Directions for this task:
Every entry should be duplicated verbatim, and no picture may appear in the copy.

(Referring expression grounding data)
*** Begin section ***

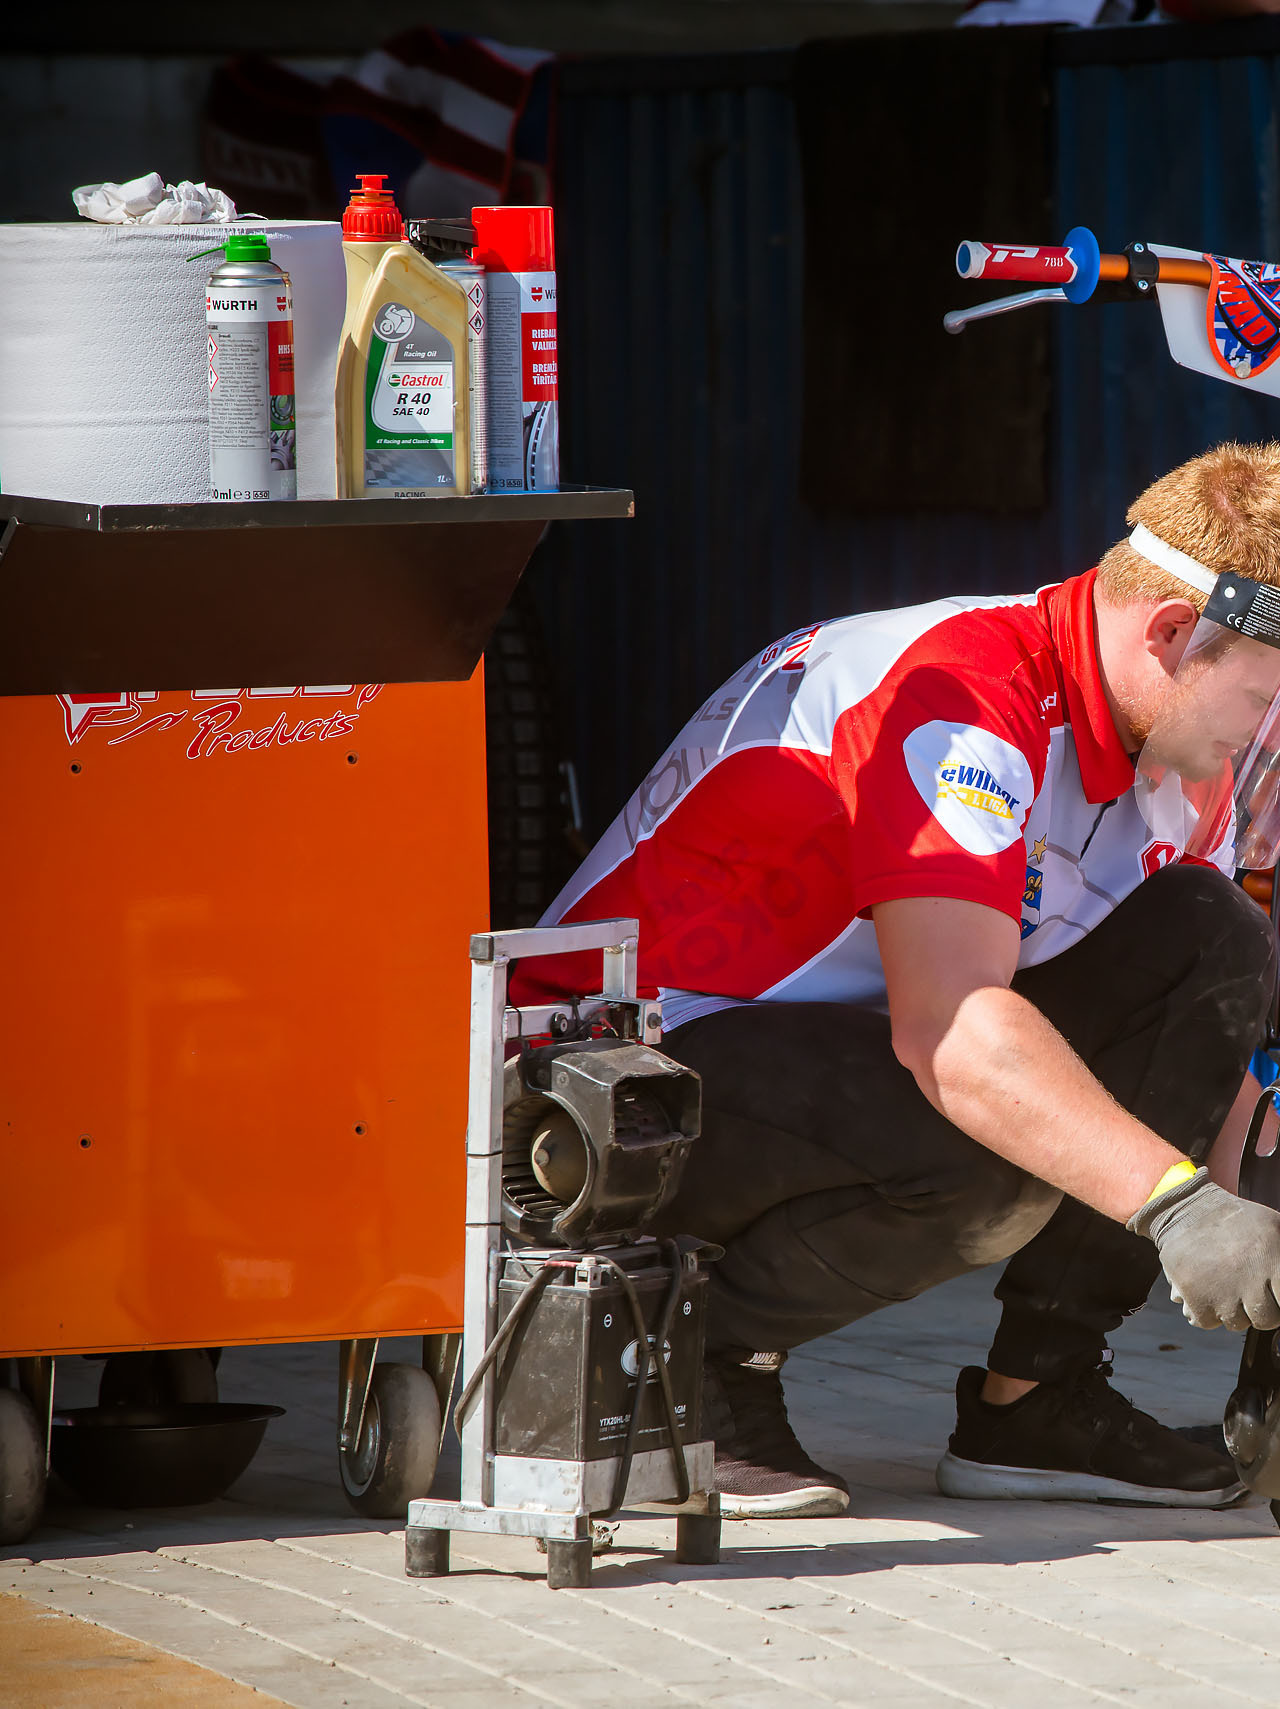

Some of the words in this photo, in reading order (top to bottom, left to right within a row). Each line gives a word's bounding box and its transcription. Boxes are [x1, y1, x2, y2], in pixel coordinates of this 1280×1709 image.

[1044, 257, 1064, 267] 788
[403, 350, 426, 358] Racing
[426, 350, 437, 358] Oil
[401, 374, 444, 387] Castrol
[397, 393, 408, 405] R
[410, 393, 431, 405] 40
[393, 407, 415, 416] SAE
[416, 407, 430, 416] 40
[394, 491, 427, 499] RACING
[186, 700, 361, 760] Products
[982, 797, 1008, 816] LIGA
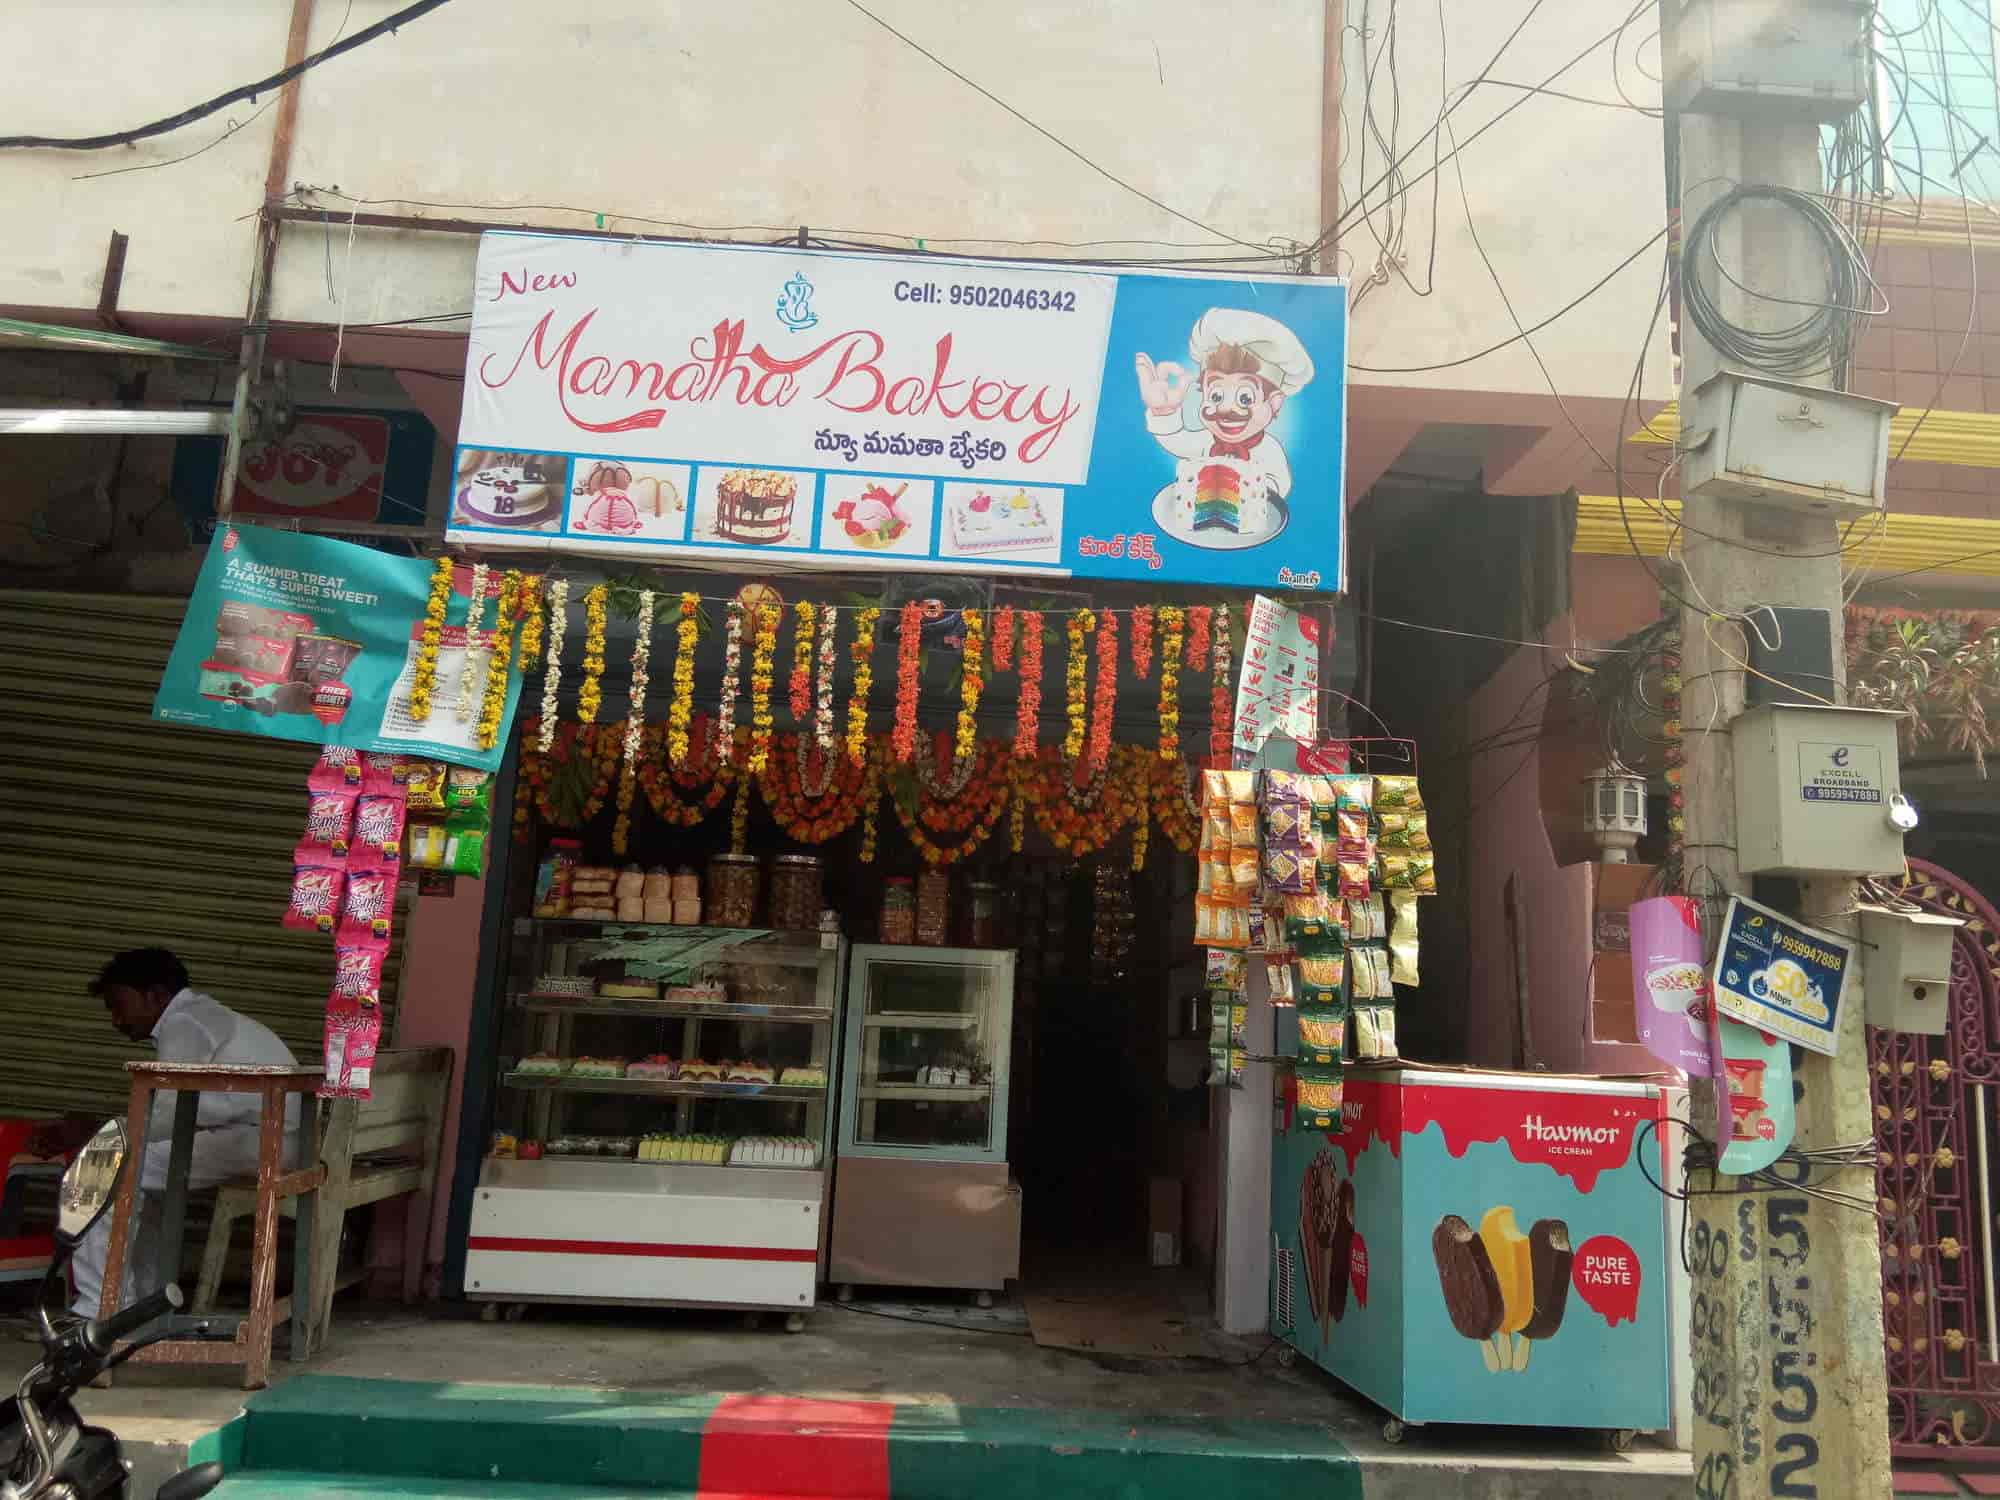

*** End section ***

The answer:
Some of the words in this photo, in reading order (top to bottom, left to right within a row). Each line gives a word's bounding box and its transcription. Boxes are [x1, y1, x2, y2], in pixel coordinates of this 1280×1709 image.

[1044, 257, 1064, 267] 788
[403, 350, 426, 358] Racing
[426, 350, 437, 358] Oil
[401, 374, 444, 387] Castrol
[397, 393, 408, 405] R
[410, 393, 431, 405] 40
[393, 407, 415, 416] SAE
[416, 407, 430, 416] 40
[394, 491, 427, 499] RACING
[186, 700, 361, 760] Products
[982, 797, 1008, 816] LIGA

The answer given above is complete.